Overall, we found that that between 2008 and 2013 success rates for women and men were equal and that the size of grant awarded was similar. Indeed, women aged under 40 were significantly more successful than men and received slightly larger grants. However, overall women received only two fifths of the ESRC funding. The underlying reason for this is the representation of women in senior positions.

While roughly half of social scientists are women, only 24% of professorial posts in the social sciences at UK universities were held by women. It is the smaller number of women professors that accounts for the fact that men receive much more than half of the funding that was allocated.

Looking at all academic disciplines in the UK, women make up around half of the academic staff in non-professorial positions, but account for less than 20% of professorial appointments. Indeed, it has been estimated that it will take 39 years to redress that imbalance at the current rate of change.

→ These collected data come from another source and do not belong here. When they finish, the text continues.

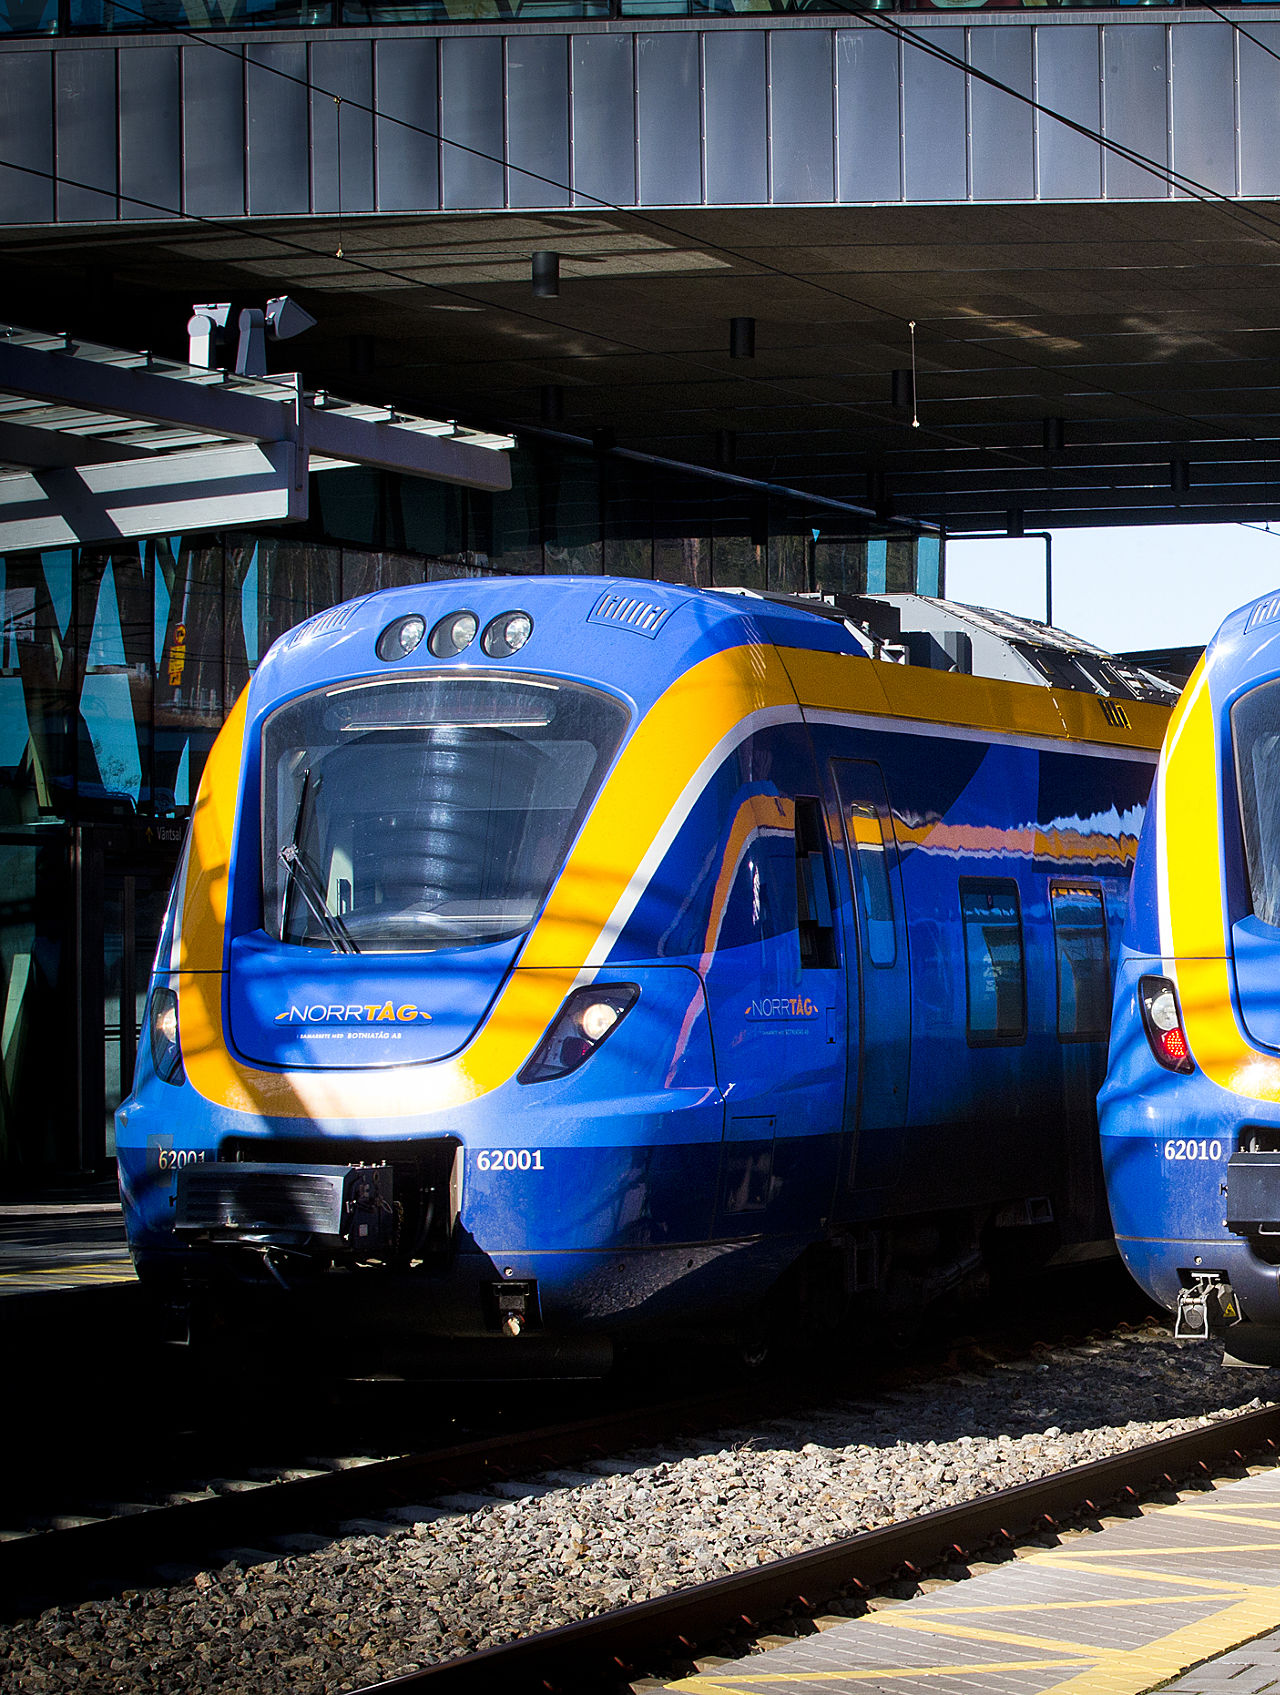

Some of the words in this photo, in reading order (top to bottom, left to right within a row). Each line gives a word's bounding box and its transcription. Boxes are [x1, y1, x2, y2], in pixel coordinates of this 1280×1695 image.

[289, 1000, 418, 1022] NORRTÅG
[752, 994, 813, 1016] NORRTÅG
[347, 1031, 390, 1039] BOTNIATÅG
[158, 1150, 205, 1170] 62001
[476, 1149, 544, 1171] 62001
[1164, 1139, 1222, 1161] 62010
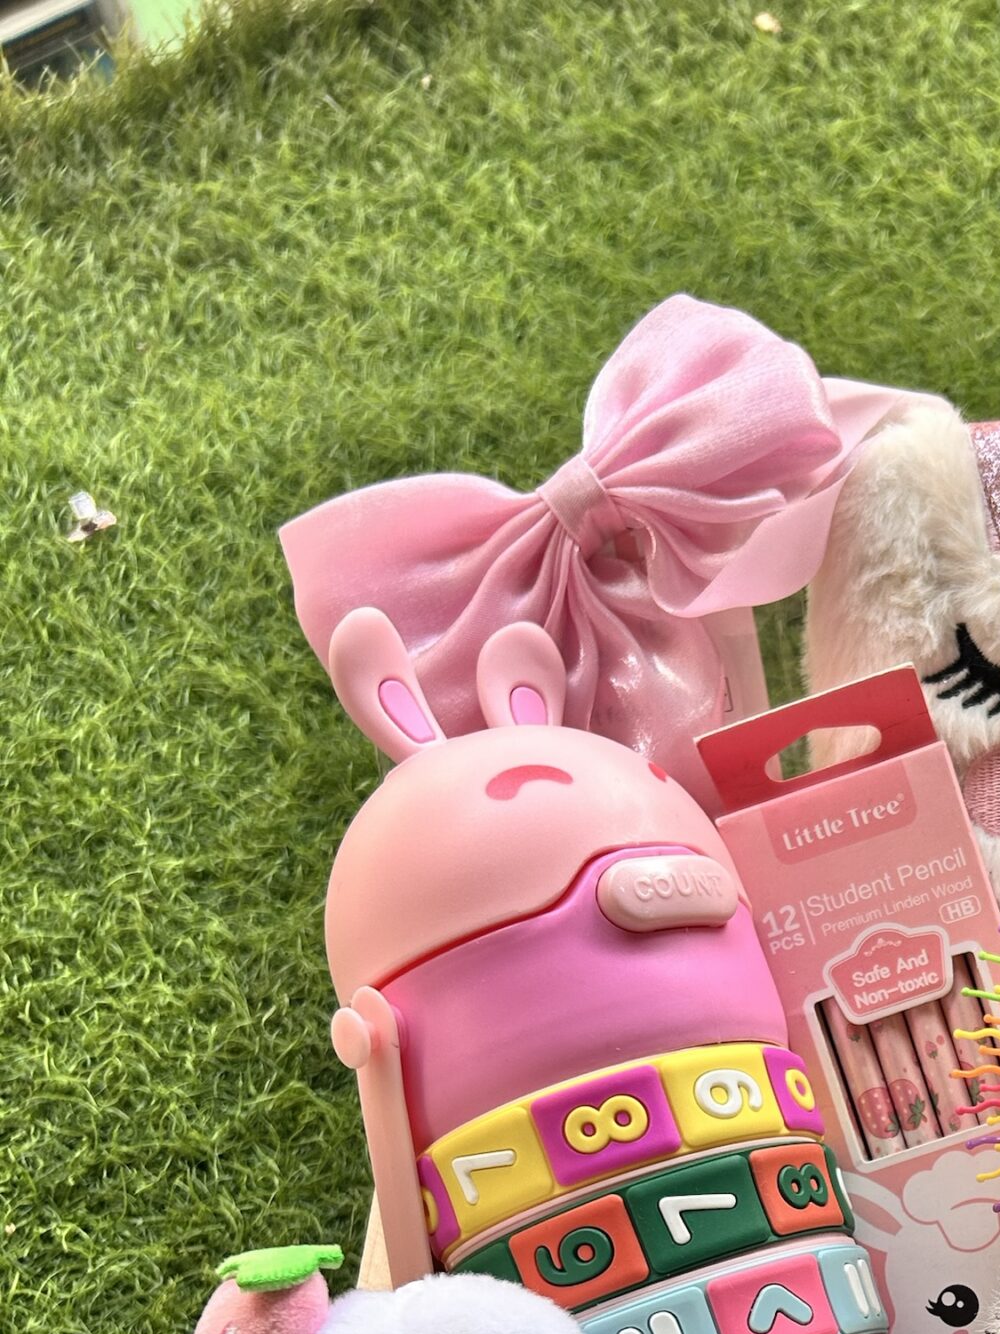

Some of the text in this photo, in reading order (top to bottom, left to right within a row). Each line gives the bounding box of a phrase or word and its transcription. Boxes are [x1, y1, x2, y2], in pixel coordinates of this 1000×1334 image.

[782, 815, 845, 851] Little
[633, 871, 723, 902] COUNT
[806, 847, 967, 917] Student Pencil
[761, 904, 801, 938] 12
[821, 876, 973, 936] Premium Linden Wood
[947, 899, 976, 920] HB
[769, 932, 806, 955] PCS
[852, 949, 929, 987] Safe And
[853, 969, 940, 1009] Non-toxic

We conclude that significant change is unlikely, without some bold re-structuring and we put forward a series of recommendations aimed both at funding agencies and universities. Like many Universities, Leicester has recognised the need to rebalance and are taking practical steps, including championing women’s roles, revising our promotion criteria and encouraging both women and men to recognise and react to inequality. Gender equality issues must be embedded in work practice and women’s career progression should be supported by promotion criteria that allow for career breaks and part-time working by focussing more on the quality than the quantity of publications and grant awards.

Men and women in our universities are equally talented but, sadly, our academic system has worked against women since its very beginning.  This is both morally unacceptable and detrimental to the advances that we require. We really must change this, and the University of Leicester will be taking practical steps to help deliver fundamental change.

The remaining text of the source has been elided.